Task
Wherever a picture sits, omit it. Output the rest of the listing exactly.

====

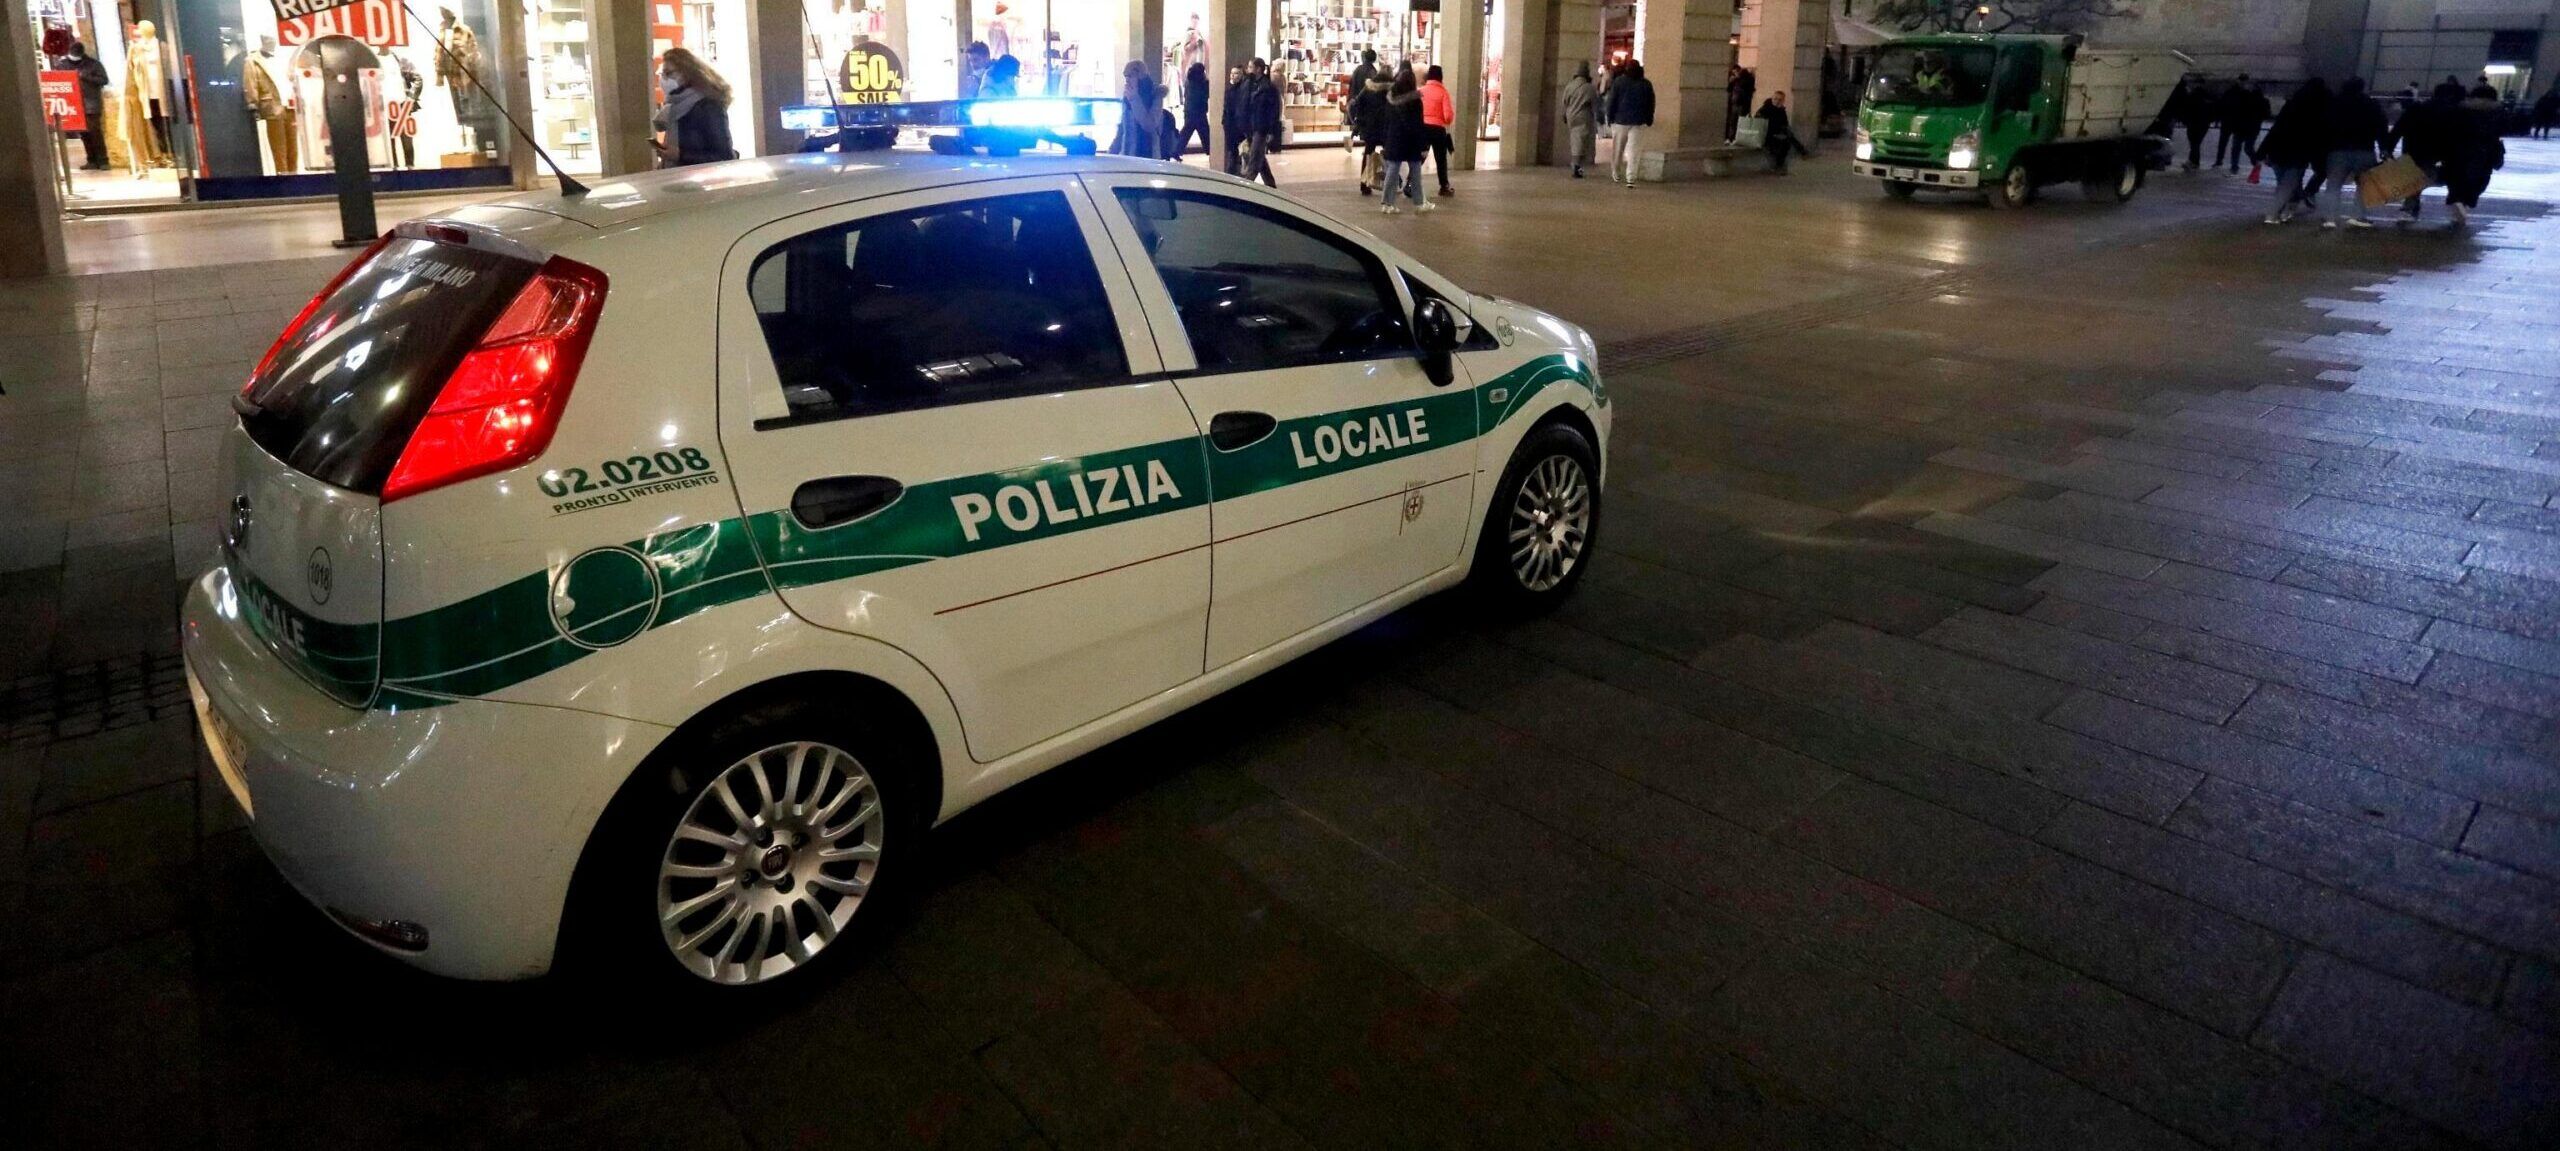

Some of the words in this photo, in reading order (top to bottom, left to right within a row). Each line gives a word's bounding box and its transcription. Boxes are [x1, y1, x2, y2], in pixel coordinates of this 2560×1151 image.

[282, 0, 405, 45] SALDI
[848, 51, 902, 91] 50%
[421, 261, 477, 288] MILANO
[537, 447, 710, 498] 02.0208
[951, 459, 1182, 542] POLIZIA
[1290, 408, 1430, 469] LOCALE
[552, 493, 621, 514] PRONTO
[629, 475, 720, 499] INTERVENTO
[310, 562, 331, 591] 1018
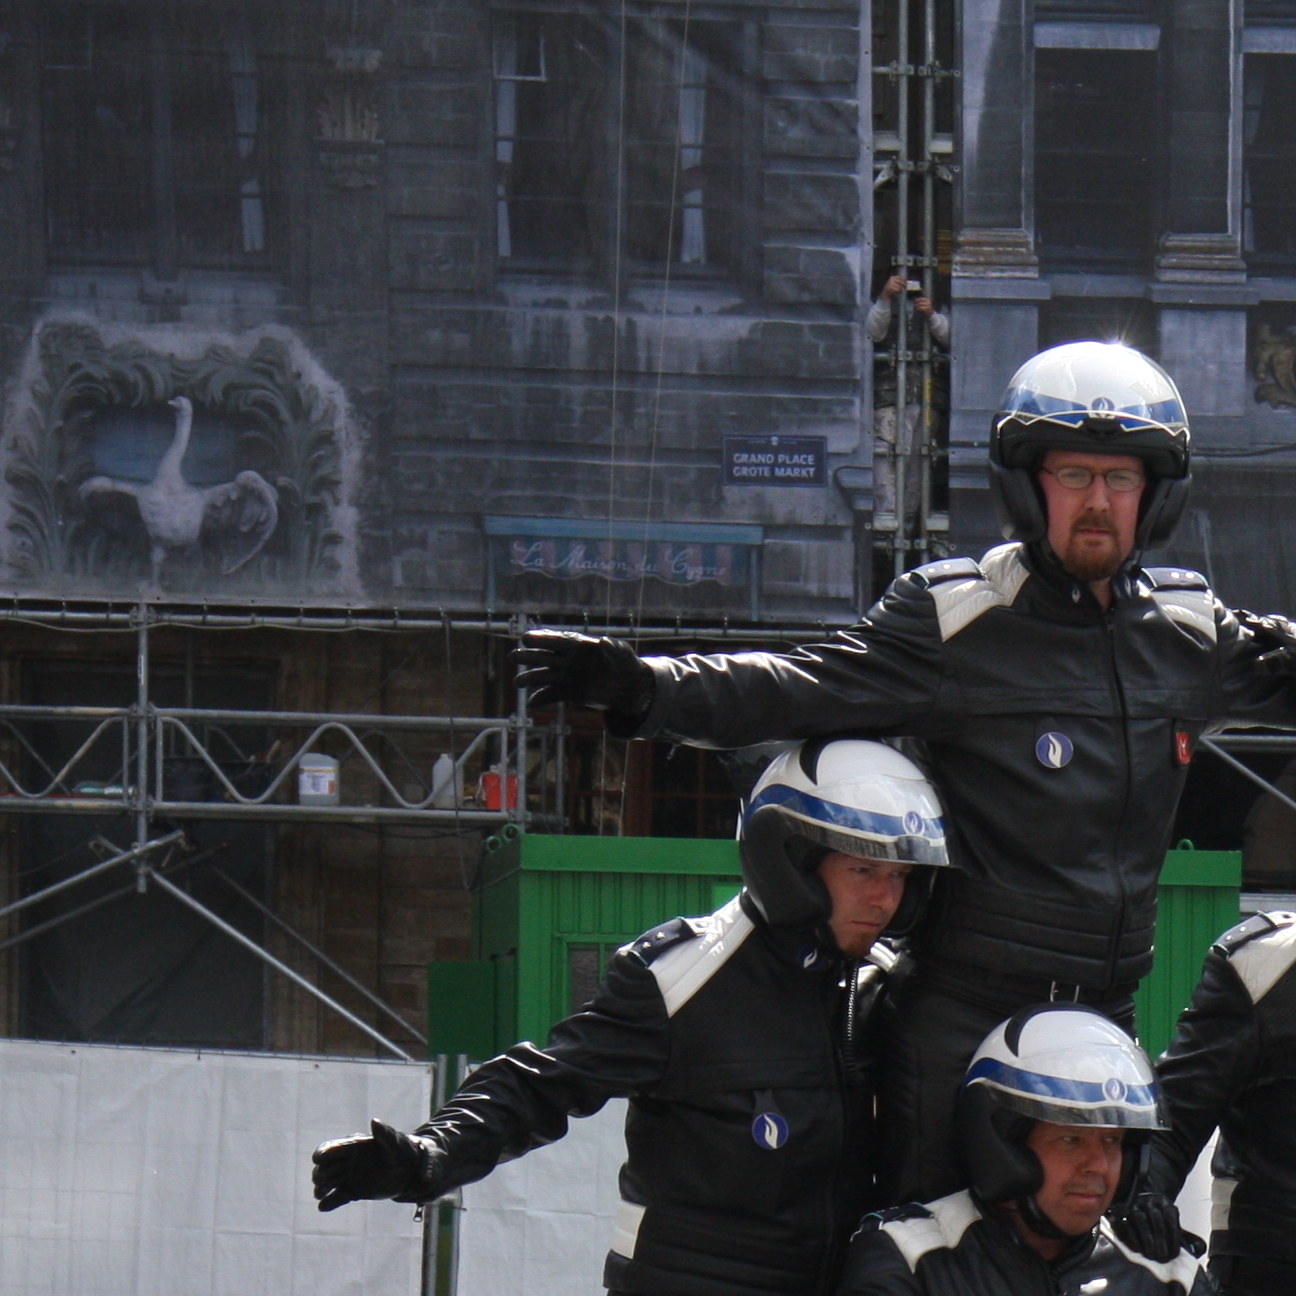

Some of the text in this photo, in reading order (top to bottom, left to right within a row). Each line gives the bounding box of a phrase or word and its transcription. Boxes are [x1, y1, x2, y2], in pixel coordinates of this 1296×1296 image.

[733, 453, 815, 465] GRAND PLACE
[732, 466, 816, 478] GROTE MARKT
[510, 540, 544, 567] La
[549, 543, 627, 570] Maison
[664, 546, 727, 581] Cygne
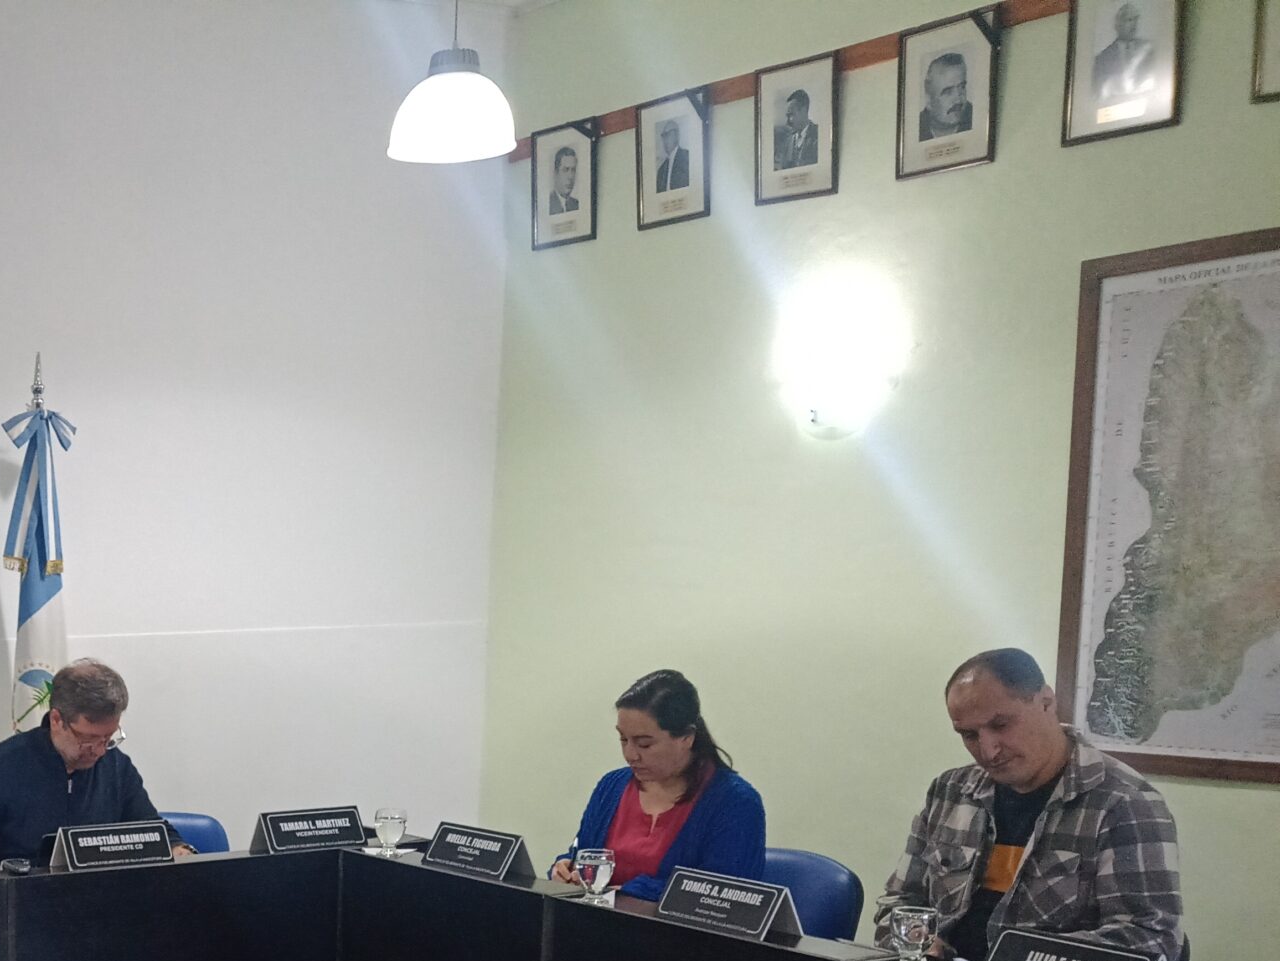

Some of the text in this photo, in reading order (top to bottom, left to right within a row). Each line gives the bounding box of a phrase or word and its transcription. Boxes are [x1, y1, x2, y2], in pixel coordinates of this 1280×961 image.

[279, 821, 309, 832] TAMARA
[78, 832, 161, 847] SEBASTIÁN RAIMONDO
[680, 879, 764, 906] TOMÁS A. ANDRADE
[700, 896, 731, 909] CONCEJAL
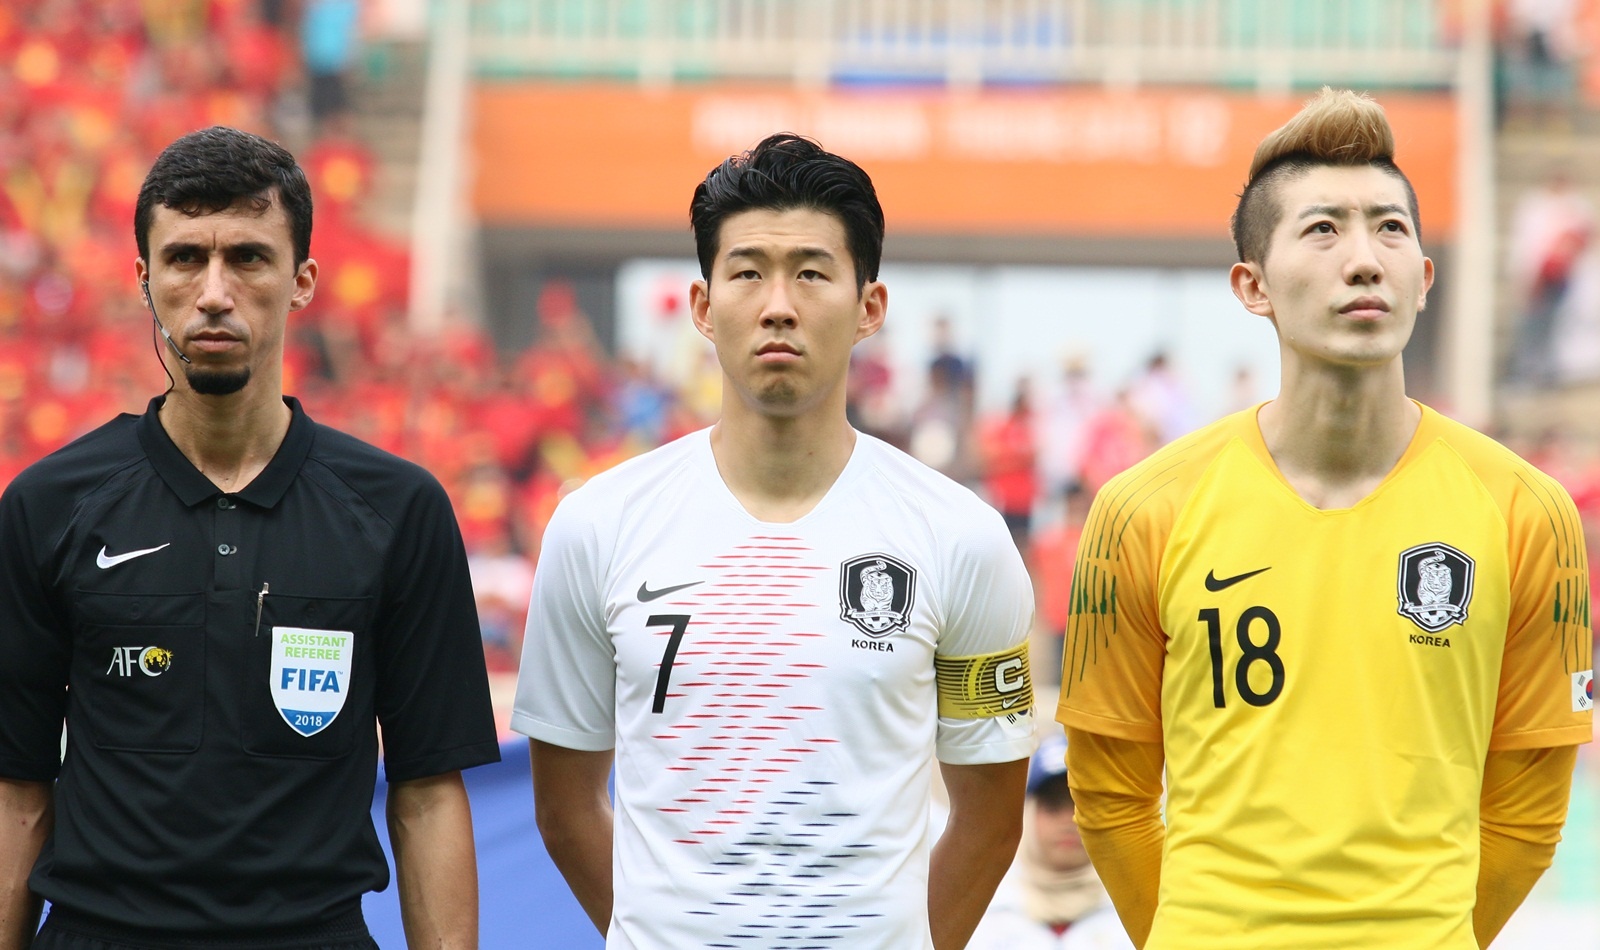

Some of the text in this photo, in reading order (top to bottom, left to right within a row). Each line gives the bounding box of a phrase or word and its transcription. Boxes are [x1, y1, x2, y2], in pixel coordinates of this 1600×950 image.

[280, 633, 347, 647] ASSISTANT
[851, 639, 894, 653] KOREA
[1409, 634, 1451, 648] KOREA
[106, 645, 163, 677] AFC
[285, 646, 340, 660] REFEREE
[1198, 605, 1286, 708] 18
[646, 614, 692, 714] 7
[281, 667, 340, 693] FIFA
[995, 656, 1024, 694] C
[295, 714, 323, 727] 2018

====

Written solution
Some of the words in this photo, in reading order (top to bottom, left to right within a row). Each line gives a word's bounding box and its transcription. Boxes are [x1, y1, x2, y2], in pixel coordinates of this 2560×1151 image.

[282, 0, 405, 45] SALDI
[848, 51, 902, 91] 50%
[421, 261, 477, 288] MILANO
[537, 447, 710, 498] 02.0208
[951, 459, 1182, 542] POLIZIA
[1290, 408, 1430, 469] LOCALE
[552, 493, 621, 514] PRONTO
[629, 475, 720, 499] INTERVENTO
[310, 562, 331, 591] 1018

Some of the text in this photo, in reading order (top to bottom, left to right within a row). Each line gives the bounding box of a phrase or word and its transcription. Boxes are [x1, y1, x2, y2], in pixel coordinates of this 1296×1296 image.

[733, 453, 815, 465] GRAND PLACE
[732, 466, 816, 478] GROTE MARKT
[510, 540, 544, 567] La
[549, 543, 627, 570] Maison
[664, 546, 727, 581] Cygne

Some of the text in this photo, in reading order (top to bottom, left to right within a row). Each line gives the bounding box of a phrase or word and its transcription. Boxes are [x1, y1, x2, y2], in pixel coordinates of this 1280×961 image.

[279, 821, 309, 832] TAMARA
[78, 832, 161, 847] SEBASTIÁN RAIMONDO
[680, 879, 764, 906] TOMÁS A. ANDRADE
[700, 896, 731, 909] CONCEJAL

Some of the text in this photo, in reading order (top to bottom, left to right within a row). Each line gives the bounding box of a phrase or word and its transcription. Boxes are [x1, y1, x2, y2], in pixel coordinates of this 1600×950 image.

[280, 633, 347, 647] ASSISTANT
[851, 639, 894, 653] KOREA
[1409, 634, 1451, 648] KOREA
[106, 645, 163, 677] AFC
[285, 646, 340, 660] REFEREE
[1198, 605, 1286, 708] 18
[646, 614, 692, 714] 7
[281, 667, 340, 693] FIFA
[995, 656, 1024, 694] C
[295, 714, 323, 727] 2018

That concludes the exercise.